TASK BRIEF: Copy out, exactly as given, every line from the line with "this 1794×1196 image." to the end of the listing, both of those lines included.
[DATA RECORDS Boundary: Start]
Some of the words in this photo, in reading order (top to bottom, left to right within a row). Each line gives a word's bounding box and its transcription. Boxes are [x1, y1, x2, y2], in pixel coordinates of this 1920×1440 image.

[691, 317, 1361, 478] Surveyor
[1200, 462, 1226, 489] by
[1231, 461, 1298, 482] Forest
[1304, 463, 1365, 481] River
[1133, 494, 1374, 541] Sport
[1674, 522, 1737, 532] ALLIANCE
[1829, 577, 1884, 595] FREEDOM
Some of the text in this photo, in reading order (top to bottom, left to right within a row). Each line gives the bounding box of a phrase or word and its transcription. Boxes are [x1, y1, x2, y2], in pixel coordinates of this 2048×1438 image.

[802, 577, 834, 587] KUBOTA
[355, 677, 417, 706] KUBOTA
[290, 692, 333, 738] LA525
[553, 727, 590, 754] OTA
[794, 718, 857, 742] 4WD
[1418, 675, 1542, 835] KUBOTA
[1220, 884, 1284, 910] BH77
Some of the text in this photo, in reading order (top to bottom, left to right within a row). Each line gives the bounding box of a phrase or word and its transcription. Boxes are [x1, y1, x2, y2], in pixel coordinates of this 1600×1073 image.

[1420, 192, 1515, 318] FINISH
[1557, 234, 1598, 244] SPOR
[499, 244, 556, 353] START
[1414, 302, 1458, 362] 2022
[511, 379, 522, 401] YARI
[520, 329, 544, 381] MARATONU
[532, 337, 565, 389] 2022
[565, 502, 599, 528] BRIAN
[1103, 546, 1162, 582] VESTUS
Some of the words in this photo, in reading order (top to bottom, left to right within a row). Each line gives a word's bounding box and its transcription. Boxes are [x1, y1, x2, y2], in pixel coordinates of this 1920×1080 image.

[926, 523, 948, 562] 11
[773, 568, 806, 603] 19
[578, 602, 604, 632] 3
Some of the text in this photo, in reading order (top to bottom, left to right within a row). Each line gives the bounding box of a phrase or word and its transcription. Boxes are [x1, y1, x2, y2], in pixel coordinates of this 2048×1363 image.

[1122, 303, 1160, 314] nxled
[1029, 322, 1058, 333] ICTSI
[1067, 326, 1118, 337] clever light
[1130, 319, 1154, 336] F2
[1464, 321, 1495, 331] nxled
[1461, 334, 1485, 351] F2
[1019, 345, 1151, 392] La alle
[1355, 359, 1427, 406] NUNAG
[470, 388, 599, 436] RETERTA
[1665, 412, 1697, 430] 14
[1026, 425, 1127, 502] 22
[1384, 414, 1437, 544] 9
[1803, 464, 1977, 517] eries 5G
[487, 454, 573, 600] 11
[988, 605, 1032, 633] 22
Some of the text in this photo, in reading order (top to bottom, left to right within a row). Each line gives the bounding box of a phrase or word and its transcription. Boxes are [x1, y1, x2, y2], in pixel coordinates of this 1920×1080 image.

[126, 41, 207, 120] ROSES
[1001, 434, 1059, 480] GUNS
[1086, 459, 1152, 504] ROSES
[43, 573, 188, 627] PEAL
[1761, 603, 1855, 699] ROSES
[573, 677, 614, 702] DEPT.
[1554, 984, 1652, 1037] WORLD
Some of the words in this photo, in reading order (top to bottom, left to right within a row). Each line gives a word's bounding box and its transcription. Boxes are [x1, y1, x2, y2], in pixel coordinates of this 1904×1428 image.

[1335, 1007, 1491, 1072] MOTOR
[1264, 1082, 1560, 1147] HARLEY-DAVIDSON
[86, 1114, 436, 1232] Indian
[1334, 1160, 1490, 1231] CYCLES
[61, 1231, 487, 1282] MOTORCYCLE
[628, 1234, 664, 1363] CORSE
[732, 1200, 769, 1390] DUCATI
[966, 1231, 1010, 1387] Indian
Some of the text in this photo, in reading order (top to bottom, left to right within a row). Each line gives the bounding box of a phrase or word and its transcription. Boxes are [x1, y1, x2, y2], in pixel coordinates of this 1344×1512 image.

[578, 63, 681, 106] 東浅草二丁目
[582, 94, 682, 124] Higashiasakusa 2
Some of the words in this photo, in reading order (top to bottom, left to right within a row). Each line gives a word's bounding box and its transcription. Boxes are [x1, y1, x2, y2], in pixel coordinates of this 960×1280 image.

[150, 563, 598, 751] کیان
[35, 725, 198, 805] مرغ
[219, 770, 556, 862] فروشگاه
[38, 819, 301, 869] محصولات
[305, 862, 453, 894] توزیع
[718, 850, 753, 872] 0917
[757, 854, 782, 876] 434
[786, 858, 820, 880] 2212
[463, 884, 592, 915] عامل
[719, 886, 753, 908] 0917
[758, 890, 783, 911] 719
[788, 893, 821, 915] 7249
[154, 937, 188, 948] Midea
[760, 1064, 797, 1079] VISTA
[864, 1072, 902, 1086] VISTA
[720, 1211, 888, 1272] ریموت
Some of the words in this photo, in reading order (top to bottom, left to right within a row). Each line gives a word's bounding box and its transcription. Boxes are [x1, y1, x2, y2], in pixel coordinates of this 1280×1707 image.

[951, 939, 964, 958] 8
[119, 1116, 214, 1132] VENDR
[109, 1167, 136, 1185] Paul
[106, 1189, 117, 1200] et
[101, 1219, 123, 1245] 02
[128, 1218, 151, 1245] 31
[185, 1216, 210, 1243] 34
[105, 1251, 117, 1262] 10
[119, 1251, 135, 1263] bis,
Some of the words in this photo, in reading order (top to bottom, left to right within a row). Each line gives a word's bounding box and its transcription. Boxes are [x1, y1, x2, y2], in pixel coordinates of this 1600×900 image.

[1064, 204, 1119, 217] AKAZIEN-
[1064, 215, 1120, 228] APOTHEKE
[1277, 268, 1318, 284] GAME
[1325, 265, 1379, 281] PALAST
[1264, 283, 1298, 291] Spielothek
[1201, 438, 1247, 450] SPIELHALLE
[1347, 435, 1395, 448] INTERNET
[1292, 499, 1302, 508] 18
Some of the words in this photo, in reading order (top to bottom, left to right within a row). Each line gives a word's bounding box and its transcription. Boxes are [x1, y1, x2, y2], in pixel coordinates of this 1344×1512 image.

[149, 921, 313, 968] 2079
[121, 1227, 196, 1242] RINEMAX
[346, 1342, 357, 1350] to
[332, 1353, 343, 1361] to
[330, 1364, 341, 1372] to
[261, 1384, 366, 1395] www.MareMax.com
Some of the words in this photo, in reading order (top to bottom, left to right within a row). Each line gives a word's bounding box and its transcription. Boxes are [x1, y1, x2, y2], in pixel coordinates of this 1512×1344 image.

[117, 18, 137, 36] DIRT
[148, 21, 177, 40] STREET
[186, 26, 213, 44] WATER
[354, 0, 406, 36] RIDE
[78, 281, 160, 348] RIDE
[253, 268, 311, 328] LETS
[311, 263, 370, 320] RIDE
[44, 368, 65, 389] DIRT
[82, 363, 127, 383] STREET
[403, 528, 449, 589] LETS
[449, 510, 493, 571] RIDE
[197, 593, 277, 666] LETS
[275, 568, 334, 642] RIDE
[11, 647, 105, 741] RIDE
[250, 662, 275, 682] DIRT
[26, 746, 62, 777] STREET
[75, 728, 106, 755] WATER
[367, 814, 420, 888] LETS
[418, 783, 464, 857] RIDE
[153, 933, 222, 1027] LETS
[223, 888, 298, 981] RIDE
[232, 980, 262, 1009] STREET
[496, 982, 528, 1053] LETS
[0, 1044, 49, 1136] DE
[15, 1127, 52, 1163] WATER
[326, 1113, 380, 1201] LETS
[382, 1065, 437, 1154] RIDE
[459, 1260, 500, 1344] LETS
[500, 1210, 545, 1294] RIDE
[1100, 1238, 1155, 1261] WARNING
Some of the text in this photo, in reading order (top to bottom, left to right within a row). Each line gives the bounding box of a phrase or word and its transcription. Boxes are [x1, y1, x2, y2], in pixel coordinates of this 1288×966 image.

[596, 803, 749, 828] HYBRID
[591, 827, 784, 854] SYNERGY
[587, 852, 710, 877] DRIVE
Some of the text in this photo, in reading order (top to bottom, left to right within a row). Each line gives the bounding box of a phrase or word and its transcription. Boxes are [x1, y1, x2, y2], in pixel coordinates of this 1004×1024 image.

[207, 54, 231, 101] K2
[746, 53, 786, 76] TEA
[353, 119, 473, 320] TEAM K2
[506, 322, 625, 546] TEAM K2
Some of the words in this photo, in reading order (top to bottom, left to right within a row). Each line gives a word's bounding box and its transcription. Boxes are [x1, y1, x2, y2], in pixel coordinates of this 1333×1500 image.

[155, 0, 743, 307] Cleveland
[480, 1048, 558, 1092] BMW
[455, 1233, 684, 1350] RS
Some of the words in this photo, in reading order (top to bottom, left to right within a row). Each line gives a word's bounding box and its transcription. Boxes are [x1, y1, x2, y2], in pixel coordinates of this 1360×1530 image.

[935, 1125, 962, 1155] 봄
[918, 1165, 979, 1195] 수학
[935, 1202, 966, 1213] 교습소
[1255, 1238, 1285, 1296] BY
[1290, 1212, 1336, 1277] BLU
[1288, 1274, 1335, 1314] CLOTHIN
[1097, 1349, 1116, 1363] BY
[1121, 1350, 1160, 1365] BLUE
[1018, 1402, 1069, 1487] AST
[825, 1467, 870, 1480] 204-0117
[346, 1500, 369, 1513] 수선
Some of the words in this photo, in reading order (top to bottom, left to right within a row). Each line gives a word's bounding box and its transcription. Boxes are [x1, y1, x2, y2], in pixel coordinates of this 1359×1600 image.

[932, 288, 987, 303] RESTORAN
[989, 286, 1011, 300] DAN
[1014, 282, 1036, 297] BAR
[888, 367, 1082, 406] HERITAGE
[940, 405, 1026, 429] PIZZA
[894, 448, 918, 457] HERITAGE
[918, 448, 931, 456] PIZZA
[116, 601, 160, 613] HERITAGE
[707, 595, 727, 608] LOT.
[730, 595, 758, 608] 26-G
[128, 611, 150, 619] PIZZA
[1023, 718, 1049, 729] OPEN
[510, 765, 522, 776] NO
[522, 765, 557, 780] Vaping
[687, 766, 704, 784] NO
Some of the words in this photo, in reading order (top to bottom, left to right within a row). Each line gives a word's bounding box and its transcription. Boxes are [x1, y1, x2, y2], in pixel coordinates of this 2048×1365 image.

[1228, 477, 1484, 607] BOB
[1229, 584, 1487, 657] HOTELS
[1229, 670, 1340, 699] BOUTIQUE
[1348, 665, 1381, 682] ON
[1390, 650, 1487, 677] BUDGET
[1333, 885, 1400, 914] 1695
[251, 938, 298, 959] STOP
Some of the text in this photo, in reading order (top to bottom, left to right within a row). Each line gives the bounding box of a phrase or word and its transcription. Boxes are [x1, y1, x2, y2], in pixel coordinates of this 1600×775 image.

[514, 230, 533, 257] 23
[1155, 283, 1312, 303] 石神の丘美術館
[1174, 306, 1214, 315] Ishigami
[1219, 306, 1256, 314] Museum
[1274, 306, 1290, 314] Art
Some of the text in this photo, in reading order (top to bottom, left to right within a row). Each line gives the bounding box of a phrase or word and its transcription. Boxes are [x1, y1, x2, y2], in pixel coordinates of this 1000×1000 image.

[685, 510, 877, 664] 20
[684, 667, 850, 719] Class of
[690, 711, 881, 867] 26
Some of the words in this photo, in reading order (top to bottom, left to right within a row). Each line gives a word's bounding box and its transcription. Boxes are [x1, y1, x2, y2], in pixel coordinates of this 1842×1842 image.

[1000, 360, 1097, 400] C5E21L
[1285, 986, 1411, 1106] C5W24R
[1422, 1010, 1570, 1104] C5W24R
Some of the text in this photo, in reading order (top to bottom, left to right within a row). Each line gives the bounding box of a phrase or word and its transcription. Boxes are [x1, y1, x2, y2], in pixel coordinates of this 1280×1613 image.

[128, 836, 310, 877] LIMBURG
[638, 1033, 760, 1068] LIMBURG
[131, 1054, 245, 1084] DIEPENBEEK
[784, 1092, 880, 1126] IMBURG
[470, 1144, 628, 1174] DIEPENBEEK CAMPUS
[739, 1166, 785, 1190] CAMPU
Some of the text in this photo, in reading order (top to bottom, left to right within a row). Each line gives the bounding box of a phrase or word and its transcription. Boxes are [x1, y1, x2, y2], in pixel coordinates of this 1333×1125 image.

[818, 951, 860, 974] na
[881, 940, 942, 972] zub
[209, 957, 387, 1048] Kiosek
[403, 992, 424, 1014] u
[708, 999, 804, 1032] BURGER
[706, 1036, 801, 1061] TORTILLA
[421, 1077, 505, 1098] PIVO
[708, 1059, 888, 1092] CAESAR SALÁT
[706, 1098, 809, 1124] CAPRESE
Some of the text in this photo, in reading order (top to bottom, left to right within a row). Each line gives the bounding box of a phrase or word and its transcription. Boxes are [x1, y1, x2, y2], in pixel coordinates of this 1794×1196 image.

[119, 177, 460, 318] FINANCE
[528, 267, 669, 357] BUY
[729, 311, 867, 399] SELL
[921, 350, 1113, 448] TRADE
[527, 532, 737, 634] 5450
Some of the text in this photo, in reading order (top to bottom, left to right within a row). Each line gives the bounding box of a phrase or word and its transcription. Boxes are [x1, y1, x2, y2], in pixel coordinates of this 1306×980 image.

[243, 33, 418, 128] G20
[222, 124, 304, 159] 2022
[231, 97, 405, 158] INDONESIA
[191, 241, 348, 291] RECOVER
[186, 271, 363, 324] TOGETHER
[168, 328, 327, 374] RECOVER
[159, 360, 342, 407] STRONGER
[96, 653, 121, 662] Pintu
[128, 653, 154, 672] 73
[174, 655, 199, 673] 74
[DATA RECORDS Boundary: End]
TASK RESULT:
Some of the text in this photo, in reading order (top to bottom, left to right within a row). Each line gives the bounding box of a phrase or word and its transcription. Boxes are [x1, y1, x2, y2], in pixel coordinates of this 1794×1196 image.

[119, 177, 460, 318] FINANCE
[528, 267, 669, 357] BUY
[729, 311, 867, 399] SELL
[921, 350, 1113, 448] TRADE
[527, 532, 737, 634] 5450
Some of the text in this photo, in reading order (top to bottom, left to right within a row). Each line gives the bounding box of a phrase or word and its transcription. Boxes are [x1, y1, x2, y2], in pixel coordinates of this 1306×980 image.

[243, 33, 418, 128] G20
[222, 124, 304, 159] 2022
[231, 97, 405, 158] INDONESIA
[191, 241, 348, 291] RECOVER
[186, 271, 363, 324] TOGETHER
[168, 328, 327, 374] RECOVER
[159, 360, 342, 407] STRONGER
[96, 653, 121, 662] Pintu
[128, 653, 154, 672] 73
[174, 655, 199, 673] 74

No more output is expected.